Two images of an anchor design with a mandala pattern on it. The top one is an SVG file that opens filled with color as the designer intended and the bottom one is a DXF file which does not open with color and all of the line segments are separated.

DXF – Drawing Exchange Format

This is a cuttable file format that was created by AutoCad and is used for many plotters to draw or cut lines. It does not retain color like an SVG does (see photo above) and unless you set it to join lines into polylines in the import panel of the preferences, the lines will all be disconnected when you import the file (see photo above).

You can use DXF files in any edition of the software. If you only have the free basic/standard edition of the software then DXF is the best file format you can get when purchasing cut files to use.  Some designers don’t include DXF file format when selling files so it is important to check to see if it is included if you don’t have Designer Edition or above. 

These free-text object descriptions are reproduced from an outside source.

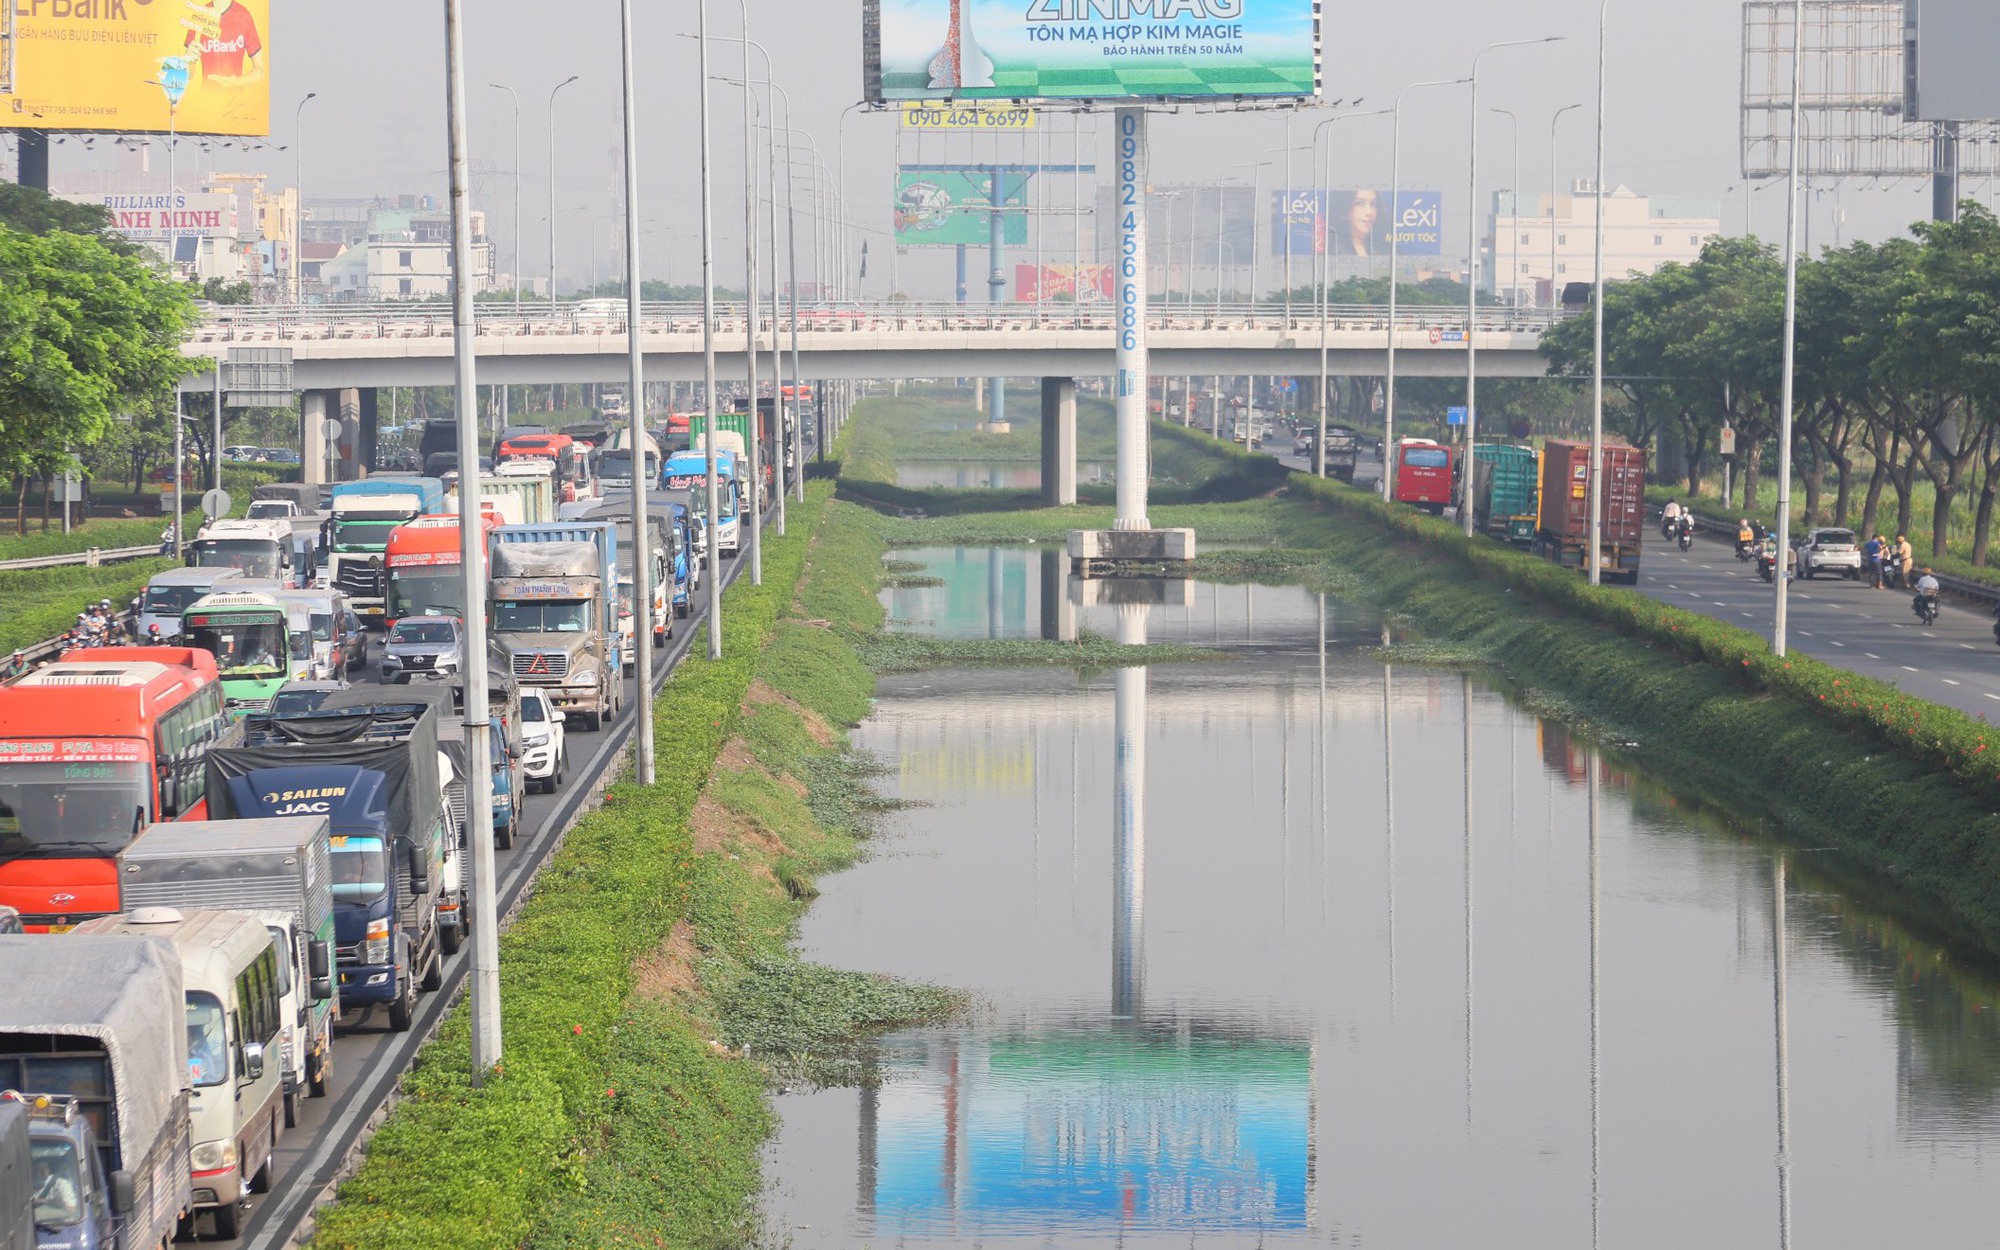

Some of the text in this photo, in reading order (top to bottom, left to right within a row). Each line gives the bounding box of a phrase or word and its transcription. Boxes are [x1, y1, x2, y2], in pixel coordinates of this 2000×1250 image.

[1026, 24, 1243, 44] TÔN MẠ HỢP KIM MAGIE
[1130, 44, 1165, 55] HÀNH
[1167, 44, 1197, 55] TRÊN
[1200, 46, 1213, 55] 50
[1216, 43, 1243, 55] NĂM
[909, 110, 1029, 126] 090 464 6699
[1282, 192, 1319, 214] Léxi
[160, 211, 221, 228] MINH
[553, 586, 570, 594] LONG
[282, 787, 346, 801] SAILUN
[275, 801, 330, 815] JAC

GSD, GST, GSP – ROBO Master Format Graphtec proprietary file type

These are not very common files for Silhouette crafters unless you have a Graphtec plotter.  Did you knos that Silhouette America was actually founded by Graphtec? If you have access to these file formats, they would also be a good choice as a cut file if you only have the free basic/standard edition of Silhouette Studio. They can be opened in any edition of the Silhouette software.

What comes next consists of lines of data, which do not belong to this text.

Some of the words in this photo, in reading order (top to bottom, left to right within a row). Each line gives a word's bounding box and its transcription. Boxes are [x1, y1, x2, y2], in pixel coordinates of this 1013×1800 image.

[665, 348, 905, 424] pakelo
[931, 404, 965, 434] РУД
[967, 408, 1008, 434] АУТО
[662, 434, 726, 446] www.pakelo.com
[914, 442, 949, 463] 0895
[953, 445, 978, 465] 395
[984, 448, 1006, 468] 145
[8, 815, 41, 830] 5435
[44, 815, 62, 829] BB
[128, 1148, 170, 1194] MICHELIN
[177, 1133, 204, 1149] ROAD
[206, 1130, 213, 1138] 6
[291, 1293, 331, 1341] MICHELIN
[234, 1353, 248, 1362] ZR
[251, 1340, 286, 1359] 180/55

TTF/OTF – True Type Font/Open Type Font

These are font files that you install on your computer to use in your software. OTF is the better option if you have a choice between the two as it can handle more glyphs.  Some fonts are only available in TTF format.  That is ok too.

I have more information on installing fonts here.

Since fonts are installed on your computer, they are able to be used in any edition of the software however you need Designer Edition or above to access the built in glyph support tab in the text style panel. Otherwise you can use the Character Map (Windows) or Font Book (Mac) to access glyphs.

SVG – Scalable Vector Graphics

This is probably the most common file format for cut files for crafters since they can be also be opened in Cricut software and many other cutting machines and lasers.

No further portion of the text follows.